---------- Materials provided

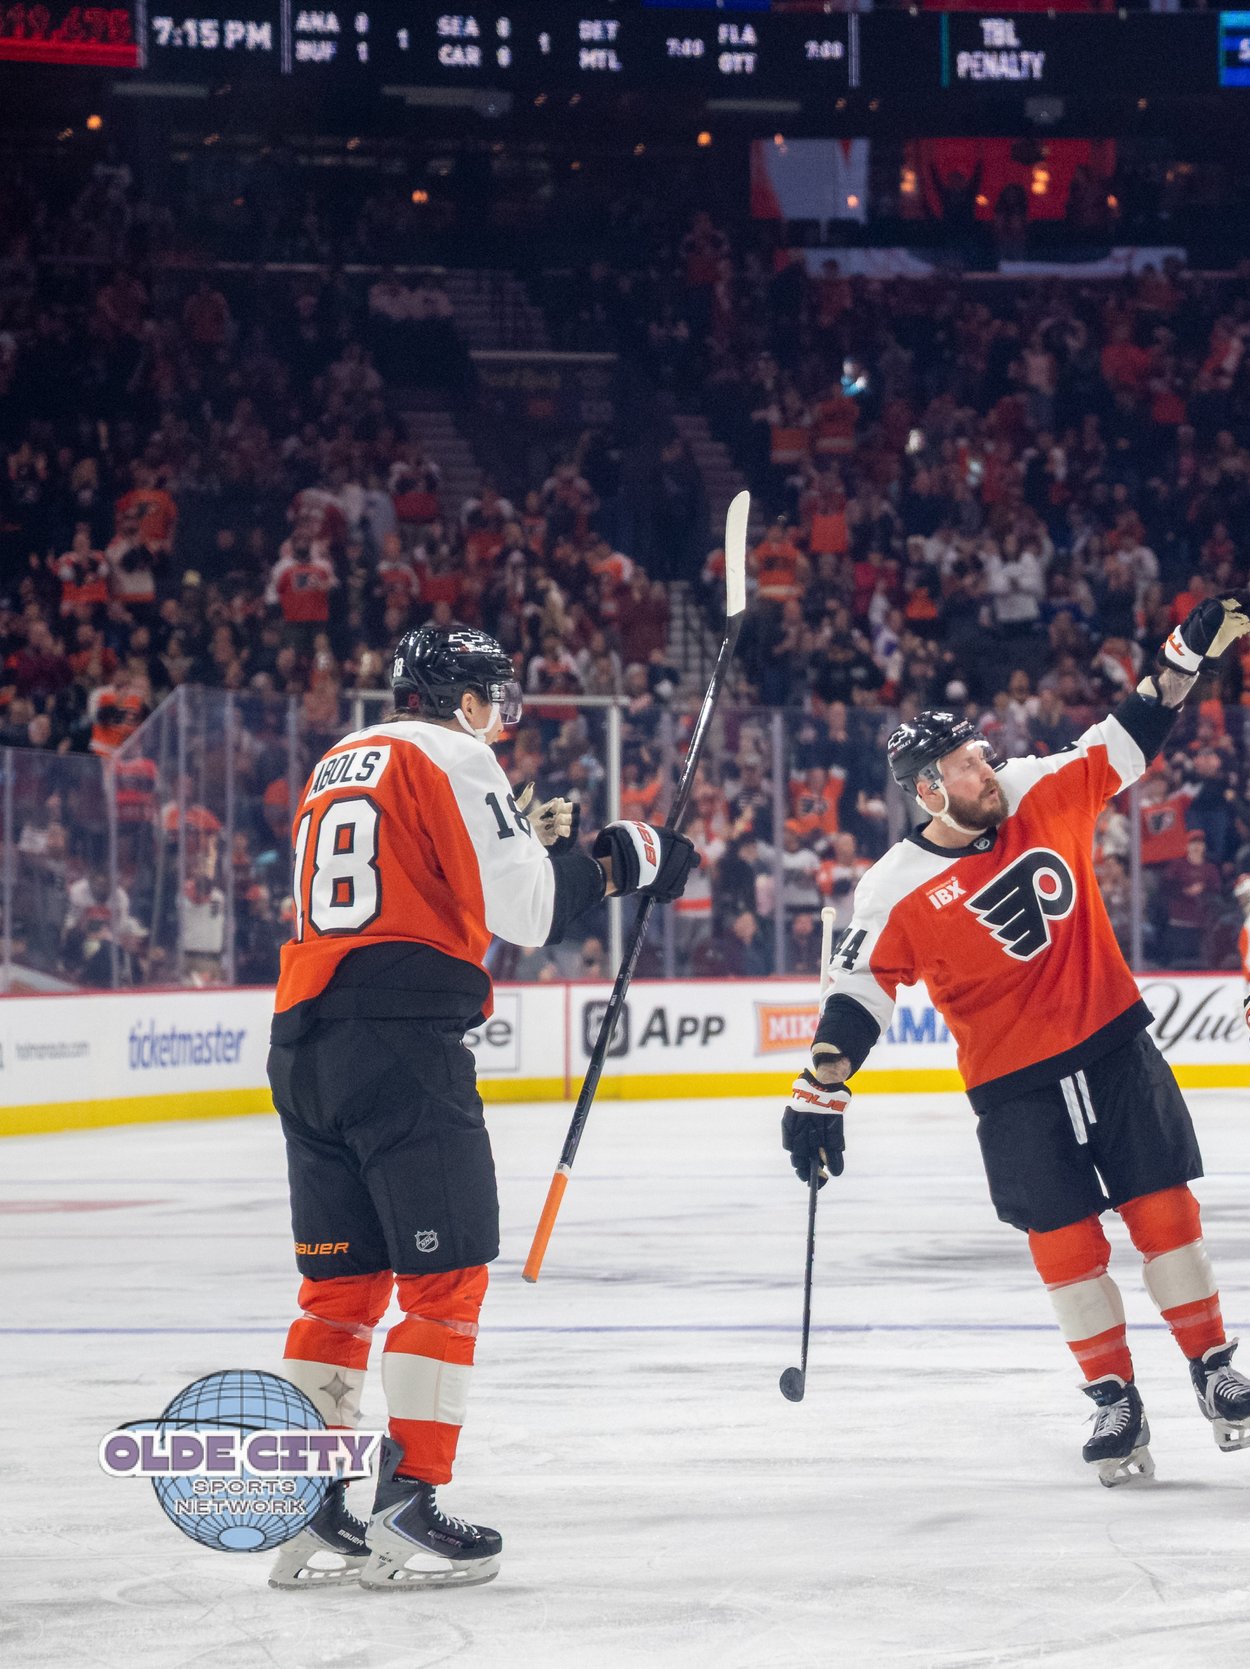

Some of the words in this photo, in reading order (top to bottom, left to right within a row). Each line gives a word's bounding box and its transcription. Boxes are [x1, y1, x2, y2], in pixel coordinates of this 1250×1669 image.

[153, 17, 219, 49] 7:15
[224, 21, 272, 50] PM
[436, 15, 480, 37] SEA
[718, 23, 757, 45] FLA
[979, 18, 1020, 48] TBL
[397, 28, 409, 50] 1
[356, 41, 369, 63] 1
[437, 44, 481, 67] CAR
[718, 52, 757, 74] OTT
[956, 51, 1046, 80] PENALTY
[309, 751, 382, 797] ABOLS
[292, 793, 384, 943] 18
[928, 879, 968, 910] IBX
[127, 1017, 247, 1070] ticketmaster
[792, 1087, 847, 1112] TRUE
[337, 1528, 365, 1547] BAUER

--------------------

To do ->
Retype all the material word for word while skipping any picture it contains.

Response for this exercise ->
Some of the words in this photo, in reading order (top to bottom, left to right within a row). Each line gives a word's bounding box and its transcription. Boxes are [x1, y1, x2, y2], in pixel coordinates of this 1250×1669 image.

[153, 17, 219, 49] 7:15
[224, 21, 272, 50] PM
[436, 15, 480, 37] SEA
[718, 23, 757, 45] FLA
[979, 18, 1020, 48] TBL
[397, 28, 409, 50] 1
[356, 41, 369, 63] 1
[437, 44, 481, 67] CAR
[718, 52, 757, 74] OTT
[956, 51, 1046, 80] PENALTY
[309, 751, 382, 797] ABOLS
[292, 793, 384, 943] 18
[928, 879, 968, 910] IBX
[127, 1017, 247, 1070] ticketmaster
[792, 1087, 847, 1112] TRUE
[337, 1528, 365, 1547] BAUER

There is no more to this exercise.